What to do:
Pictures excluded, copy every record that follows exactly as it appears.

─── Dataset excerpts

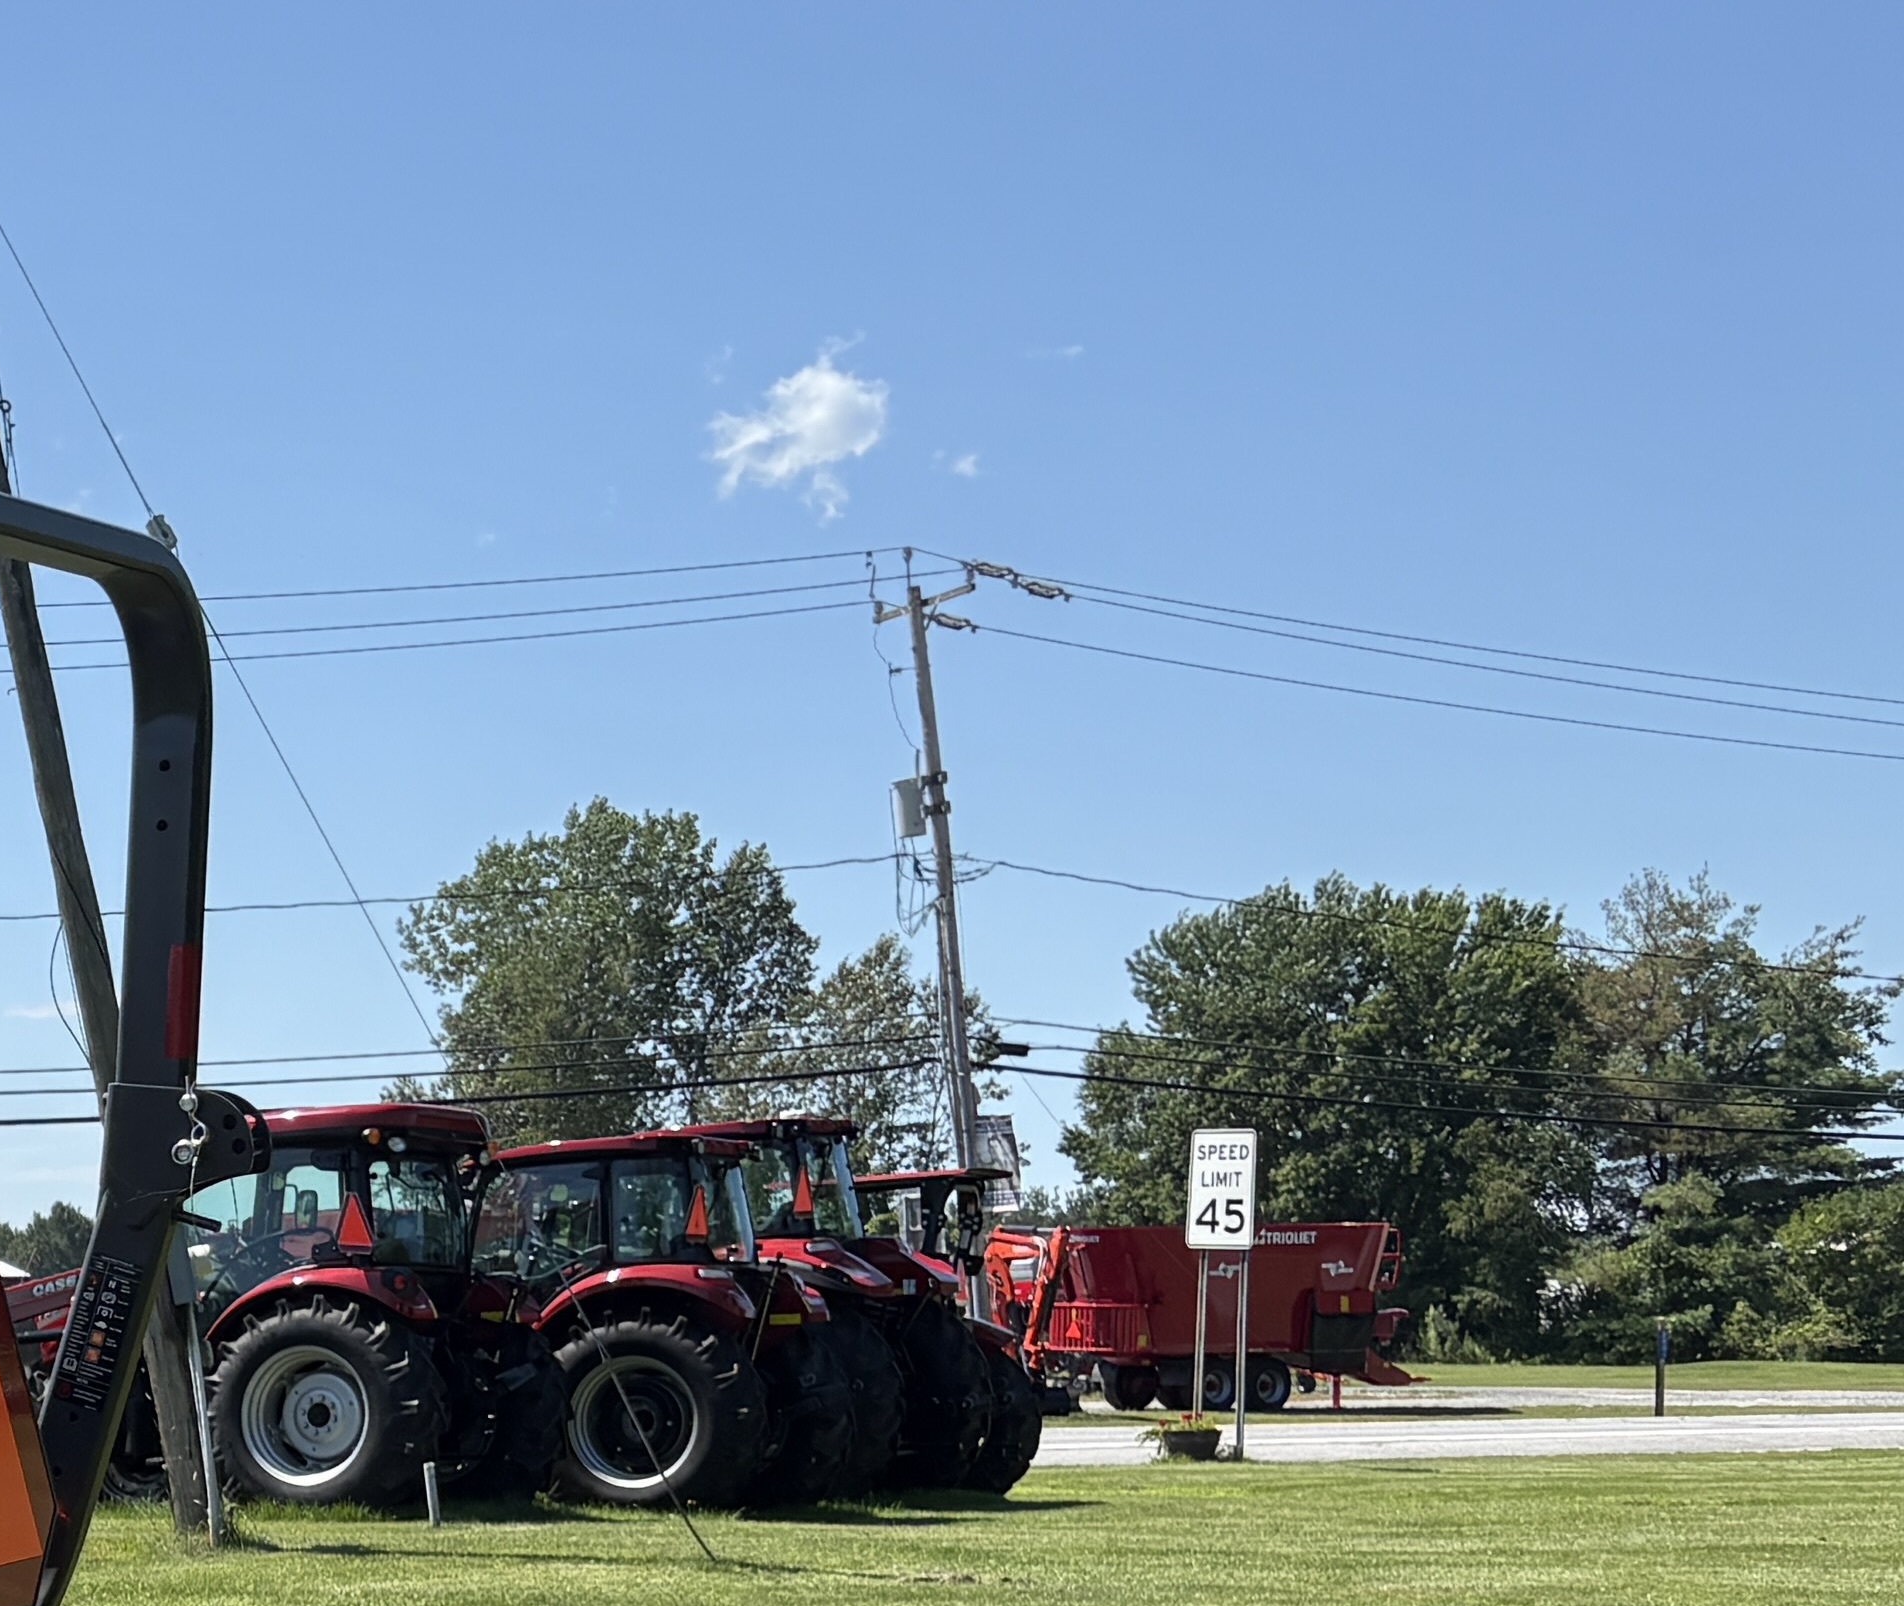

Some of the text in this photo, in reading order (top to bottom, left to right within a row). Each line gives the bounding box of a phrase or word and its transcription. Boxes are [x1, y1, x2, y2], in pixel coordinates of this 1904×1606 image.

[1197, 1144, 1250, 1161] SPEED
[1201, 1171, 1242, 1188] LIMIT
[1195, 1198, 1245, 1234] 45
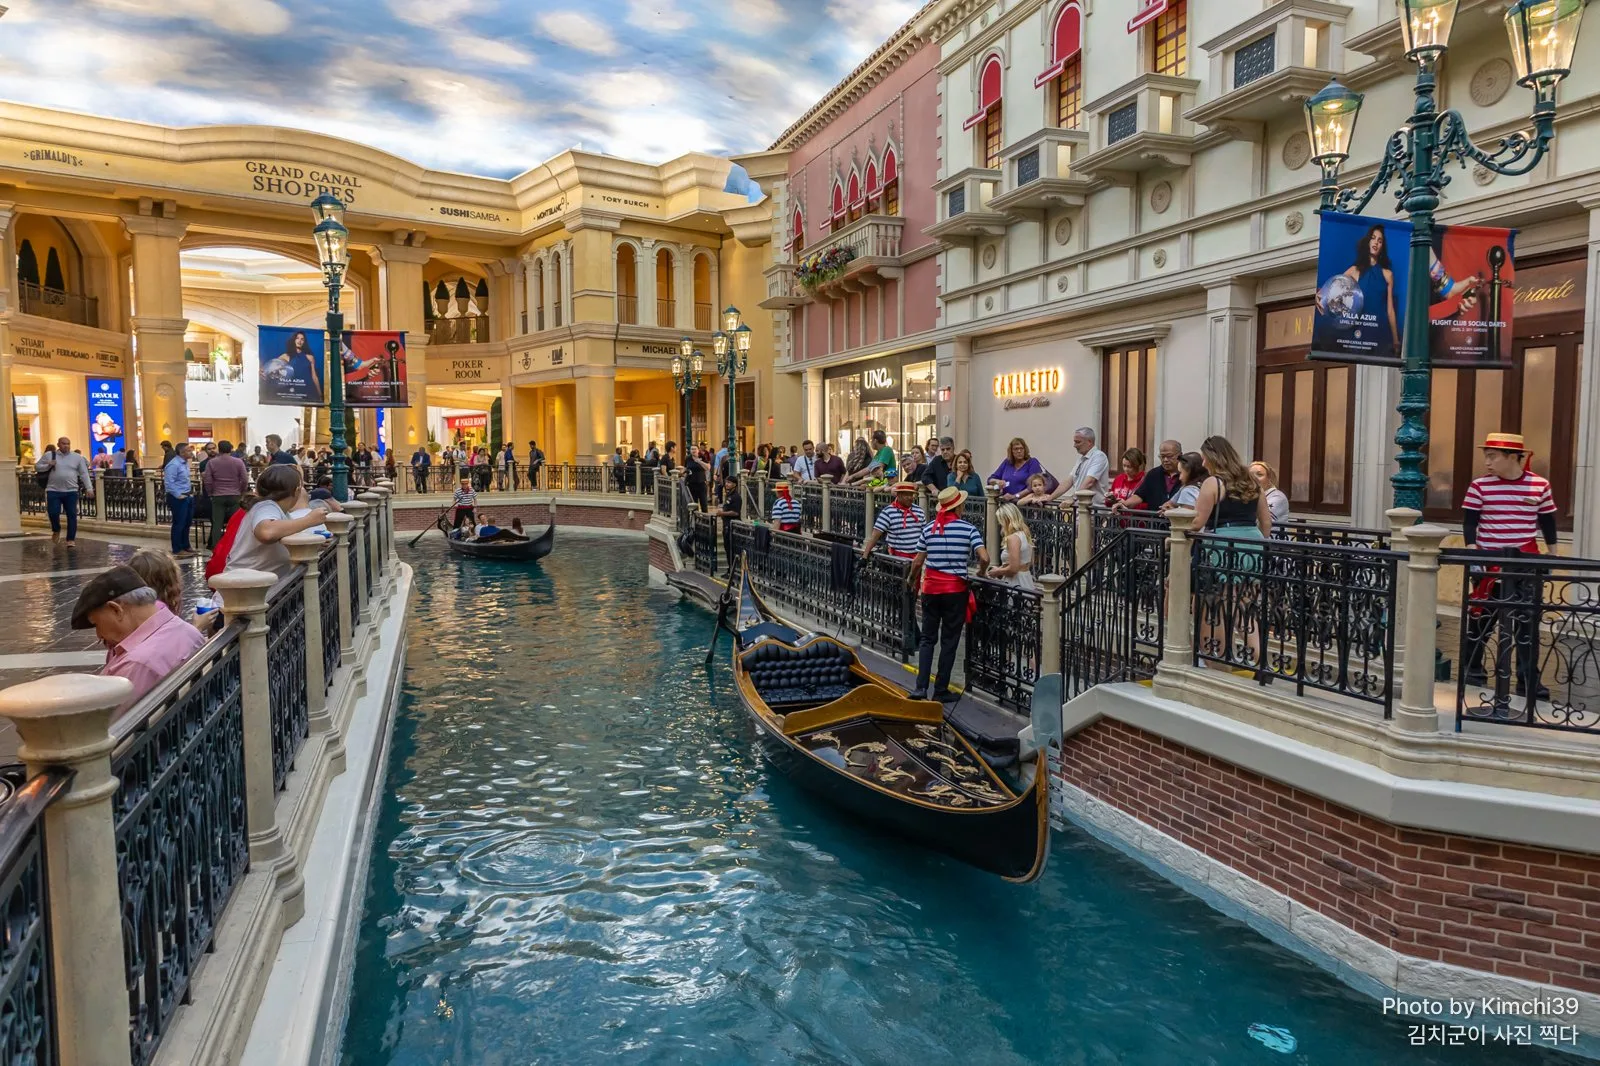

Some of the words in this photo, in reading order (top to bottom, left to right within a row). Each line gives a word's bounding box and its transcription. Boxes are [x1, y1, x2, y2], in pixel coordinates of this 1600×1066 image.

[30, 149, 77, 166] GRIMALDI'S
[246, 161, 304, 178] GRAND
[310, 171, 362, 188] CANAL
[253, 176, 354, 204] SHOPPES
[602, 196, 622, 204] TORY
[624, 200, 649, 208] BURCH
[440, 206, 500, 222] SUSHISAMBA
[536, 203, 562, 220] MONTBLANC
[1342, 310, 1359, 320] VILLA
[20, 338, 44, 348] STUART
[642, 340, 678, 354] MICHAEL
[15, 346, 51, 360] WEITZMAN
[56, 348, 90, 360] FERRAGAMO
[452, 360, 484, 369] POKER
[455, 370, 481, 379] ROOM
[994, 370, 1058, 396] CANALETTO
[460, 418, 473, 426] POKER
[474, 417, 486, 426] ROOM
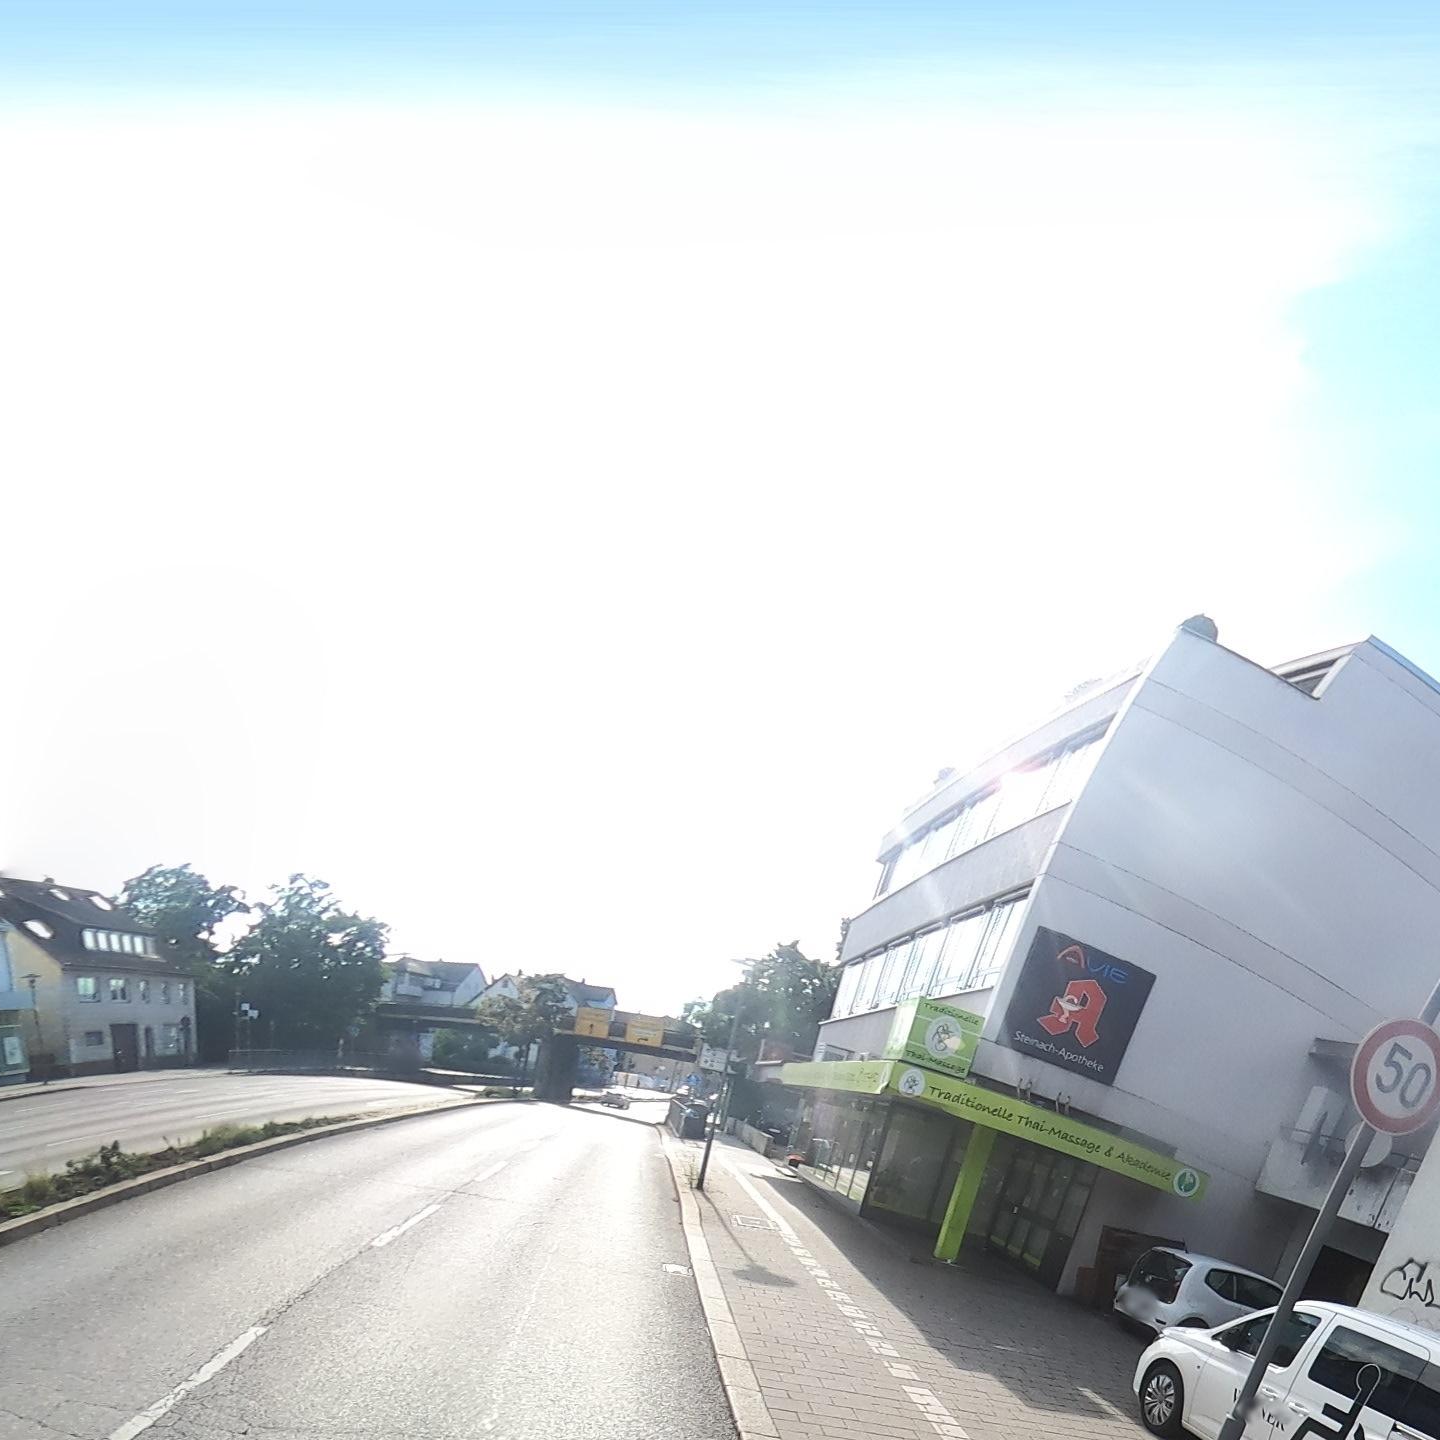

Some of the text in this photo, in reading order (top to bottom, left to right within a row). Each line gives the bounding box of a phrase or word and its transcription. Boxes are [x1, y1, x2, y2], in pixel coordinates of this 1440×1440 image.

[1013, 1031, 1104, 1072] Steinach-Apotheke
[1375, 1042, 1431, 1108] 50
[929, 1086, 1013, 1122] Traditionelle
[1017, 1115, 1101, 1153] Thai-Massage
[1117, 1152, 1172, 1181] Akademie
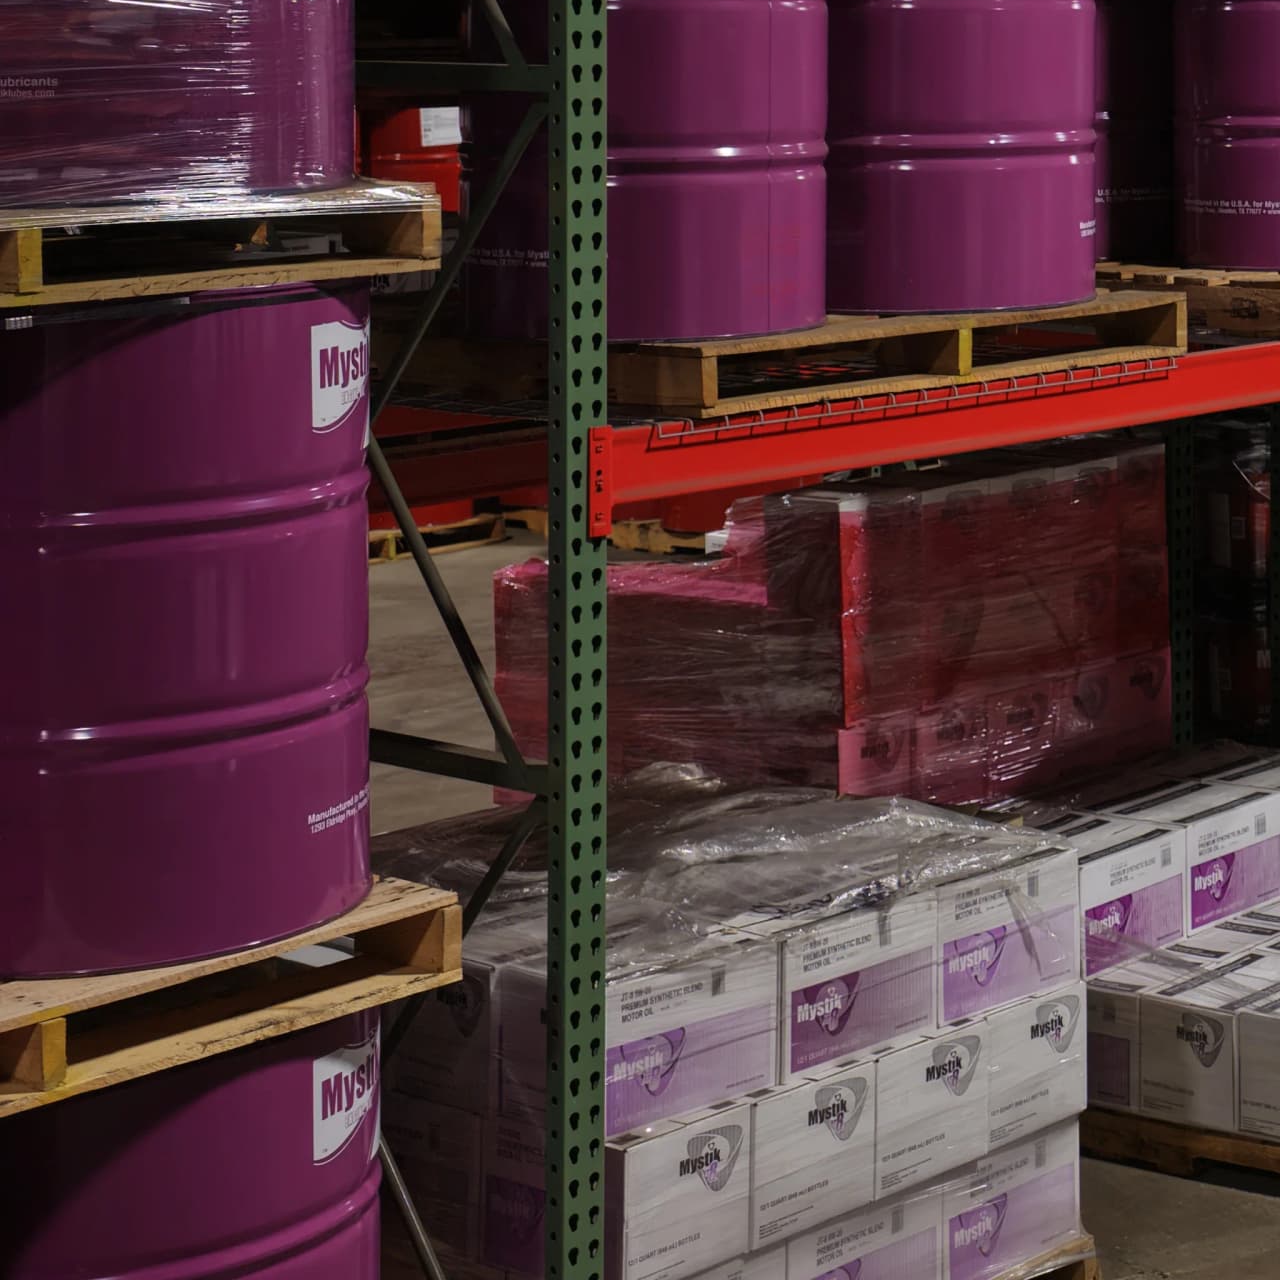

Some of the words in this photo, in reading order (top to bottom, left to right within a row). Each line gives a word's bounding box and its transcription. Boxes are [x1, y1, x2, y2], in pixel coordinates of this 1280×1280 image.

[0, 76, 58, 88] ubricants
[1231, 200, 1251, 208] U.S.A.
[1252, 200, 1263, 208] for
[308, 794, 354, 825] Manufactured
[1194, 868, 1224, 892] Mystik
[1088, 911, 1122, 936] Mystik
[948, 946, 990, 974] Mystik
[621, 999, 649, 1013] PREMIUM
[621, 1010, 643, 1023] MOTOR
[797, 993, 843, 1024] Mystik
[1030, 1015, 1064, 1040] Mystik
[925, 1056, 963, 1082] Mystik
[808, 1099, 848, 1127] Mystik
[679, 1148, 722, 1177] Mystik
[953, 1214, 994, 1249] Mystik

──────

Completed task:
Some of the text in this photo, in reading order (top to bottom, left to right within a row). Each line gives the bounding box of a phrase or word and its transcription. Boxes are [x1, y1, x2, y2], in pixel coordinates of this 1904×1606 image.

[1197, 1144, 1250, 1161] SPEED
[1201, 1171, 1242, 1188] LIMIT
[1195, 1198, 1245, 1234] 45

Some of the words in this photo, in reading order (top to bottom, left to right within a row). Each line gives a word's bounding box and its transcription. Boxes are [x1, y1, x2, y2], in pixel coordinates of this 1600×1066 image.

[30, 149, 77, 166] GRIMALDI'S
[246, 161, 304, 178] GRAND
[310, 171, 362, 188] CANAL
[253, 176, 354, 204] SHOPPES
[602, 196, 622, 204] TORY
[624, 200, 649, 208] BURCH
[440, 206, 500, 222] SUSHISAMBA
[536, 203, 562, 220] MONTBLANC
[1342, 310, 1359, 320] VILLA
[20, 338, 44, 348] STUART
[642, 340, 678, 354] MICHAEL
[15, 346, 51, 360] WEITZMAN
[56, 348, 90, 360] FERRAGAMO
[452, 360, 484, 369] POKER
[455, 370, 481, 379] ROOM
[994, 370, 1058, 396] CANALETTO
[460, 418, 473, 426] POKER
[474, 417, 486, 426] ROOM

Some of the text in this photo, in reading order (top to bottom, left to right within a row). Each line gives the bounding box of a phrase or word and its transcription. Boxes are [x1, y1, x2, y2], in pixel coordinates of this 1440×1440 image.

[1013, 1031, 1104, 1072] Steinach-Apotheke
[1375, 1042, 1431, 1108] 50
[929, 1086, 1013, 1122] Traditionelle
[1017, 1115, 1101, 1153] Thai-Massage
[1117, 1152, 1172, 1181] Akademie

Some of the words in this photo, in reading order (top to bottom, left to right within a row). Each line gives a word's bounding box and its transcription. Boxes are [x1, y1, x2, y2], in pixel coordinates of this 1280×1280 image.

[0, 76, 58, 88] ubricants
[1231, 200, 1251, 208] U.S.A.
[1252, 200, 1263, 208] for
[308, 794, 354, 825] Manufactured
[1194, 868, 1224, 892] Mystik
[1088, 911, 1122, 936] Mystik
[948, 946, 990, 974] Mystik
[621, 999, 649, 1013] PREMIUM
[621, 1010, 643, 1023] MOTOR
[797, 993, 843, 1024] Mystik
[1030, 1015, 1064, 1040] Mystik
[925, 1056, 963, 1082] Mystik
[808, 1099, 848, 1127] Mystik
[679, 1148, 722, 1177] Mystik
[953, 1214, 994, 1249] Mystik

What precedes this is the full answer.